__REQUIREMENT__
Please repeat the data shown below, word for word.

__DATA FOR THIS TASK__
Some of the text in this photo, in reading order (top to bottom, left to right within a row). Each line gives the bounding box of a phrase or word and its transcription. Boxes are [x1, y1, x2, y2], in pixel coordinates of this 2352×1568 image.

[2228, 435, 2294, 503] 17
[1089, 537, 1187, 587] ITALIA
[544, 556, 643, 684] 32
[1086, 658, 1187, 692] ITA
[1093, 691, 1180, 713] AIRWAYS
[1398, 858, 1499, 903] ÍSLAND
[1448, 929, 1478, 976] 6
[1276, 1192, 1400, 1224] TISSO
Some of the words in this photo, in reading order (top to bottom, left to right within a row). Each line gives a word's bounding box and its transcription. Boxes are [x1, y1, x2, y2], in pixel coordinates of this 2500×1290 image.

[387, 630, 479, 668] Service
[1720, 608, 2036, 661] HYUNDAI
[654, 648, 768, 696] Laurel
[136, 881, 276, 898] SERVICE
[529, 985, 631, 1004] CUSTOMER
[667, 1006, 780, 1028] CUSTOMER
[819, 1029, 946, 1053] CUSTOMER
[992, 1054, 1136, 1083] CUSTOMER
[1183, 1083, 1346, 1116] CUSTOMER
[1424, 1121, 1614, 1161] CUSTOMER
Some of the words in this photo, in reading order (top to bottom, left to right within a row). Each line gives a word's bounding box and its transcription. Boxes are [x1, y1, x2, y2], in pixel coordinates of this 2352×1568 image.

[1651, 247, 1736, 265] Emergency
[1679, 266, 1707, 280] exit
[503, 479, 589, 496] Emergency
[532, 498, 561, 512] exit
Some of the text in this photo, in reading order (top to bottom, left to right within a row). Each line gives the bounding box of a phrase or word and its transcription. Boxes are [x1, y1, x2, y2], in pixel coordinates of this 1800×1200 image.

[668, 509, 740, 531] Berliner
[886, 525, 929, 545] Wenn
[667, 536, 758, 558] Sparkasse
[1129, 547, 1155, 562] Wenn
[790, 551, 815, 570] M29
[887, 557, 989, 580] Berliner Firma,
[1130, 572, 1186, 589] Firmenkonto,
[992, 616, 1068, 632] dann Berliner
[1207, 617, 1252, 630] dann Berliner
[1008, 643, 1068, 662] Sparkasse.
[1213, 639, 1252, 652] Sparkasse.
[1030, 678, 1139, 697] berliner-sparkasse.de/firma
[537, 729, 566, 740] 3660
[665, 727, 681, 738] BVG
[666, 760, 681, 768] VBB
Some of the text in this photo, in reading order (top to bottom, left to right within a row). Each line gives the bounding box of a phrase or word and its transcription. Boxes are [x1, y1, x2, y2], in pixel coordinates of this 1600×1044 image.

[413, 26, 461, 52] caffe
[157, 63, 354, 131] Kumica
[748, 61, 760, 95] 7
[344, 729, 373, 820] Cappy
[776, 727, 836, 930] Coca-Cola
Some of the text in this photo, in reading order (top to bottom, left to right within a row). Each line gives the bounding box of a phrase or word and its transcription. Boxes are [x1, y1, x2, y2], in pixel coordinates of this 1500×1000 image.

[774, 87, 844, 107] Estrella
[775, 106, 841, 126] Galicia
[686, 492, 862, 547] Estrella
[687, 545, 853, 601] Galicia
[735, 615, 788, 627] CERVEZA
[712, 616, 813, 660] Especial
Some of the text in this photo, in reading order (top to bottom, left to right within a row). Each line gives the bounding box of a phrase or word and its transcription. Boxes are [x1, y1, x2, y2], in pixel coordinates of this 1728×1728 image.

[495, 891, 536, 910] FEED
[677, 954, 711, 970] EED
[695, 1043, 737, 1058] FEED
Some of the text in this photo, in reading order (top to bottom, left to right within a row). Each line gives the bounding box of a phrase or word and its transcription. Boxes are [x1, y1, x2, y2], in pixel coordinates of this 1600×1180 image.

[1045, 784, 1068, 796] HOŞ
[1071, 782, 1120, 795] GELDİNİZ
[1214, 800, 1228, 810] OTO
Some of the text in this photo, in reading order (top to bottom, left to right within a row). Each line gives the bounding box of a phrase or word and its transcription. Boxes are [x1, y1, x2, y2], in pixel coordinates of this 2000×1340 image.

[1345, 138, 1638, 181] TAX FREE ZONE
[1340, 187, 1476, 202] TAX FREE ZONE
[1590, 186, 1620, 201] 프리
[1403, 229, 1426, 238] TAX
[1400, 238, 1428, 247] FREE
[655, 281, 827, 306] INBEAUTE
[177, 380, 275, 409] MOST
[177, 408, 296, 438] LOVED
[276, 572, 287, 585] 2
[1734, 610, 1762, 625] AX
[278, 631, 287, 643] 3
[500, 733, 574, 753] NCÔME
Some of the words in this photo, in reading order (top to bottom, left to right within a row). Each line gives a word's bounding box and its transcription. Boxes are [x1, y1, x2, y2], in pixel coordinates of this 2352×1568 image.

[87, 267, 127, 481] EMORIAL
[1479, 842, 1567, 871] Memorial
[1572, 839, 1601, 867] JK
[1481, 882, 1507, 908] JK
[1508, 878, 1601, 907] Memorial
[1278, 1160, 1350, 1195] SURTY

__OUTPUT__
Some of the text in this photo, in reading order (top to bottom, left to right within a row). Each line gives the bounding box of a phrase or word and its transcription. Boxes are [x1, y1, x2, y2], in pixel coordinates of this 2352×1568 image.

[2228, 435, 2294, 503] 17
[1089, 537, 1187, 587] ITALIA
[544, 556, 643, 684] 32
[1086, 658, 1187, 692] ITA
[1093, 691, 1180, 713] AIRWAYS
[1398, 858, 1499, 903] ÍSLAND
[1448, 929, 1478, 976] 6
[1276, 1192, 1400, 1224] TISSO
Some of the words in this photo, in reading order (top to bottom, left to right within a row). Each line gives a word's bounding box and its transcription. Boxes are [x1, y1, x2, y2], in pixel coordinates of this 2500×1290 image.

[387, 630, 479, 668] Service
[1720, 608, 2036, 661] HYUNDAI
[654, 648, 768, 696] Laurel
[136, 881, 276, 898] SERVICE
[529, 985, 631, 1004] CUSTOMER
[667, 1006, 780, 1028] CUSTOMER
[819, 1029, 946, 1053] CUSTOMER
[992, 1054, 1136, 1083] CUSTOMER
[1183, 1083, 1346, 1116] CUSTOMER
[1424, 1121, 1614, 1161] CUSTOMER
Some of the words in this photo, in reading order (top to bottom, left to right within a row). Each line gives a word's bounding box and its transcription. Boxes are [x1, y1, x2, y2], in pixel coordinates of this 2352×1568 image.

[1651, 247, 1736, 265] Emergency
[1679, 266, 1707, 280] exit
[503, 479, 589, 496] Emergency
[532, 498, 561, 512] exit
Some of the text in this photo, in reading order (top to bottom, left to right within a row). Each line gives the bounding box of a phrase or word and its transcription. Boxes are [x1, y1, x2, y2], in pixel coordinates of this 1800×1200 image.

[668, 509, 740, 531] Berliner
[886, 525, 929, 545] Wenn
[667, 536, 758, 558] Sparkasse
[1129, 547, 1155, 562] Wenn
[790, 551, 815, 570] M29
[887, 557, 989, 580] Berliner Firma,
[1130, 572, 1186, 589] Firmenkonto,
[992, 616, 1068, 632] dann Berliner
[1207, 617, 1252, 630] dann Berliner
[1008, 643, 1068, 662] Sparkasse.
[1213, 639, 1252, 652] Sparkasse.
[1030, 678, 1139, 697] berliner-sparkasse.de/firma
[537, 729, 566, 740] 3660
[665, 727, 681, 738] BVG
[666, 760, 681, 768] VBB
Some of the text in this photo, in reading order (top to bottom, left to right within a row). Each line gives the bounding box of a phrase or word and its transcription. Boxes are [x1, y1, x2, y2], in pixel coordinates of this 1600×1044 image.

[413, 26, 461, 52] caffe
[157, 63, 354, 131] Kumica
[748, 61, 760, 95] 7
[344, 729, 373, 820] Cappy
[776, 727, 836, 930] Coca-Cola
Some of the text in this photo, in reading order (top to bottom, left to right within a row). Each line gives the bounding box of a phrase or word and its transcription. Boxes are [x1, y1, x2, y2], in pixel coordinates of this 1500×1000 image.

[774, 87, 844, 107] Estrella
[775, 106, 841, 126] Galicia
[686, 492, 862, 547] Estrella
[687, 545, 853, 601] Galicia
[735, 615, 788, 627] CERVEZA
[712, 616, 813, 660] Especial
Some of the text in this photo, in reading order (top to bottom, left to right within a row). Each line gives the bounding box of a phrase or word and its transcription. Boxes are [x1, y1, x2, y2], in pixel coordinates of this 1728×1728 image.

[495, 891, 536, 910] FEED
[677, 954, 711, 970] EED
[695, 1043, 737, 1058] FEED
Some of the text in this photo, in reading order (top to bottom, left to right within a row). Each line gives the bounding box of a phrase or word and its transcription. Boxes are [x1, y1, x2, y2], in pixel coordinates of this 1600×1180 image.

[1045, 784, 1068, 796] HOŞ
[1071, 782, 1120, 795] GELDİNİZ
[1214, 800, 1228, 810] OTO
Some of the text in this photo, in reading order (top to bottom, left to right within a row). Each line gives the bounding box of a phrase or word and its transcription. Boxes are [x1, y1, x2, y2], in pixel coordinates of this 2000×1340 image.

[1345, 138, 1638, 181] TAX FREE ZONE
[1340, 187, 1476, 202] TAX FREE ZONE
[1590, 186, 1620, 201] 프리
[1403, 229, 1426, 238] TAX
[1400, 238, 1428, 247] FREE
[655, 281, 827, 306] INBEAUTE
[177, 380, 275, 409] MOST
[177, 408, 296, 438] LOVED
[276, 572, 287, 585] 2
[1734, 610, 1762, 625] AX
[278, 631, 287, 643] 3
[500, 733, 574, 753] NCÔME
Some of the words in this photo, in reading order (top to bottom, left to right within a row). Each line gives a word's bounding box and its transcription. Boxes are [x1, y1, x2, y2], in pixel coordinates of this 2352×1568 image.

[87, 267, 127, 481] EMORIAL
[1479, 842, 1567, 871] Memorial
[1572, 839, 1601, 867] JK
[1481, 882, 1507, 908] JK
[1508, 878, 1601, 907] Memorial
[1278, 1160, 1350, 1195] SURTY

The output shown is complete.